• **Material supplied**
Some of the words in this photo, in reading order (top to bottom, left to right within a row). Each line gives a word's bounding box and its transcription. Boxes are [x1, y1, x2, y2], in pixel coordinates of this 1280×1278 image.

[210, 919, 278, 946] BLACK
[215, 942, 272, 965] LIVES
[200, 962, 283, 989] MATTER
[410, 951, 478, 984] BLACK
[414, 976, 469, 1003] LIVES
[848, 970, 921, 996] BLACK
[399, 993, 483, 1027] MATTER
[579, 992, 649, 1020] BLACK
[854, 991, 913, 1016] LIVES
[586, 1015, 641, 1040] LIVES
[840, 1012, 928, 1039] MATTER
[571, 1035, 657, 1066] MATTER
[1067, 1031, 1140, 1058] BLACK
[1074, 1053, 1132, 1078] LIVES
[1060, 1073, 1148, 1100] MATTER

• **Your objective**
Every record above must be printed again exactly.

• **Solved problem**
Some of the words in this photo, in reading order (top to bottom, left to right within a row). Each line gives a word's bounding box and its transcription. Boxes are [x1, y1, x2, y2], in pixel coordinates of this 1280×1278 image.

[210, 919, 278, 946] BLACK
[215, 942, 272, 965] LIVES
[200, 962, 283, 989] MATTER
[410, 951, 478, 984] BLACK
[414, 976, 469, 1003] LIVES
[848, 970, 921, 996] BLACK
[399, 993, 483, 1027] MATTER
[579, 992, 649, 1020] BLACK
[854, 991, 913, 1016] LIVES
[586, 1015, 641, 1040] LIVES
[840, 1012, 928, 1039] MATTER
[571, 1035, 657, 1066] MATTER
[1067, 1031, 1140, 1058] BLACK
[1074, 1053, 1132, 1078] LIVES
[1060, 1073, 1148, 1100] MATTER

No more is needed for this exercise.